Print the data exactly. Pictures stay out.

***

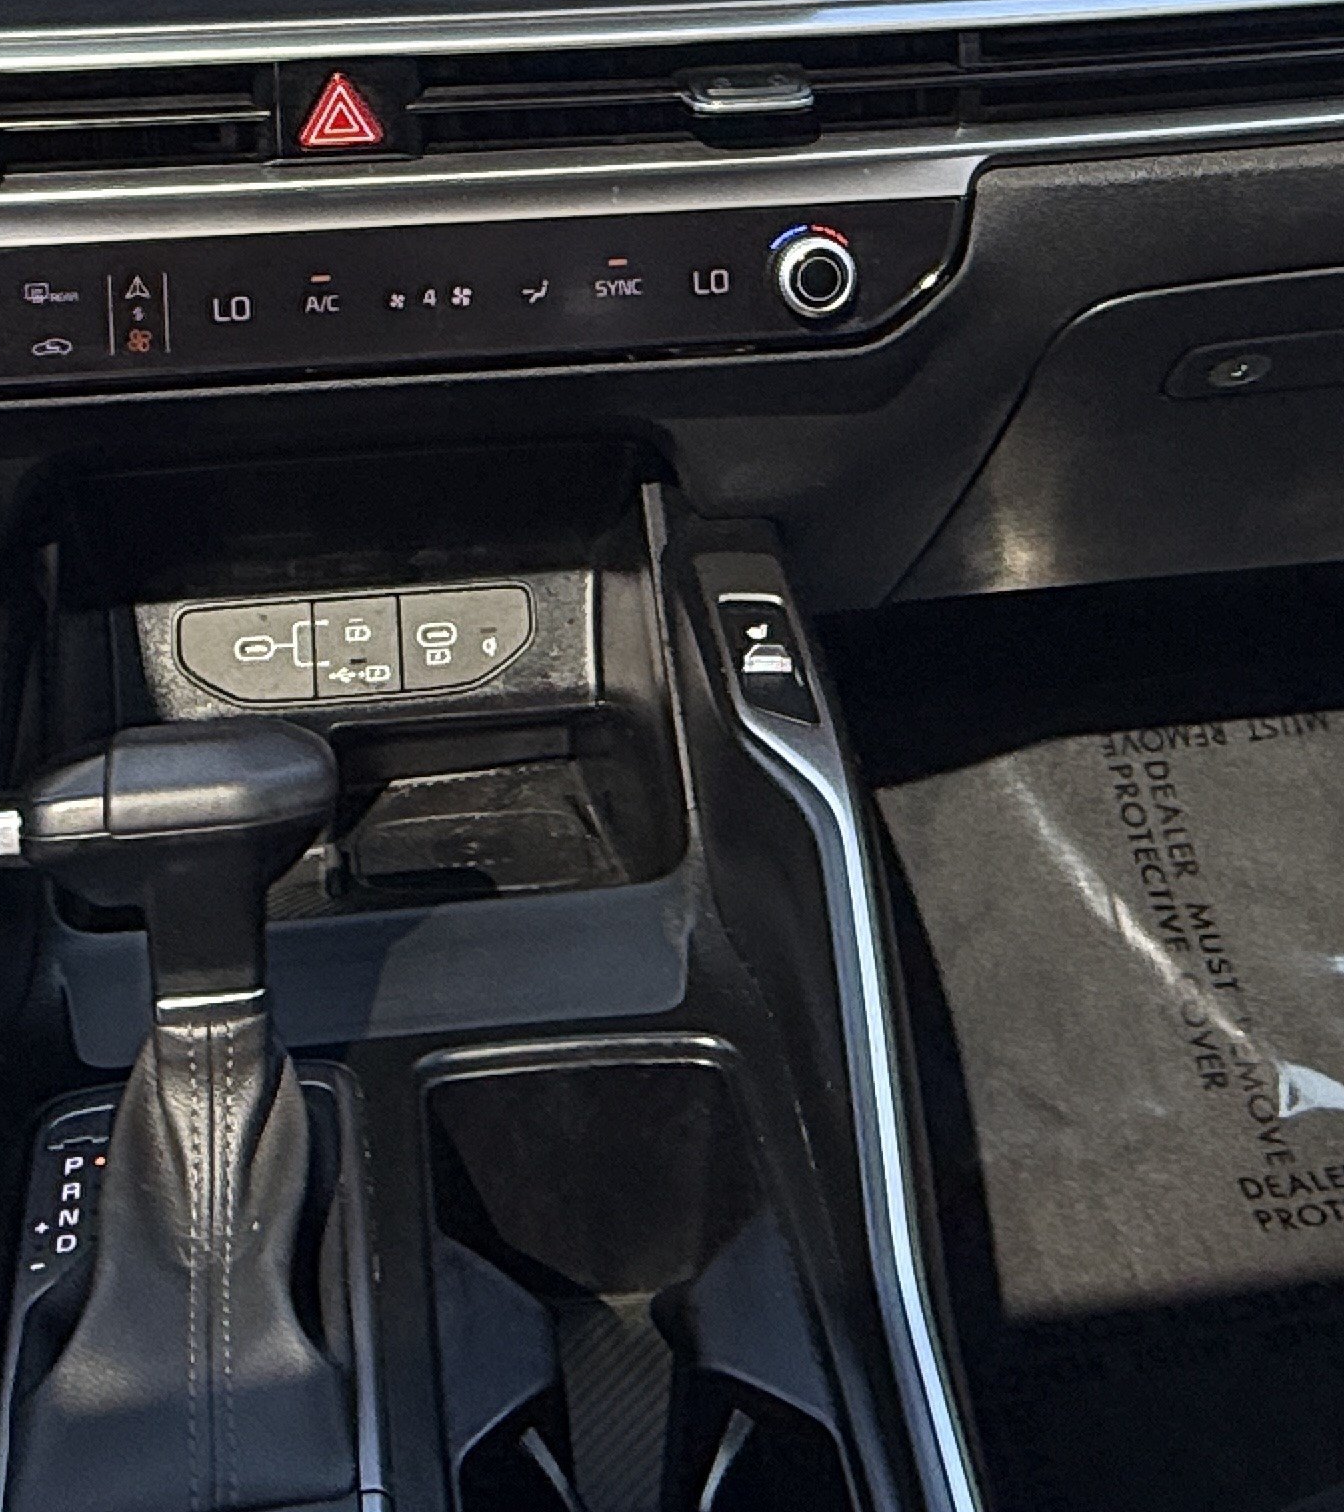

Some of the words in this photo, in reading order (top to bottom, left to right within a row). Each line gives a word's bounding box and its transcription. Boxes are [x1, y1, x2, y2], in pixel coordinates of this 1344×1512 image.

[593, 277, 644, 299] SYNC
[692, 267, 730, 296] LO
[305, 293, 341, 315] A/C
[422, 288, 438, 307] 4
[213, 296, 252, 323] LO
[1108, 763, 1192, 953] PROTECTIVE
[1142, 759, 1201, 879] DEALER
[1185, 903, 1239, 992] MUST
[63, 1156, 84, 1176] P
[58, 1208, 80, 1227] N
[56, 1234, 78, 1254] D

***

[Response for this exercise]:
Some of the words in this photo, in reading order (top to bottom, left to right within a row). Each line gives a word's bounding box and its transcription. Boxes are [x1, y1, x2, y2], in pixel coordinates of this 1344×1512 image.

[593, 277, 644, 299] SYNC
[692, 267, 730, 296] LO
[305, 293, 341, 315] A/C
[422, 288, 438, 307] 4
[213, 296, 252, 323] LO
[1108, 763, 1192, 953] PROTECTIVE
[1142, 759, 1201, 879] DEALER
[1185, 903, 1239, 992] MUST
[63, 1156, 84, 1176] P
[58, 1208, 80, 1227] N
[56, 1234, 78, 1254] D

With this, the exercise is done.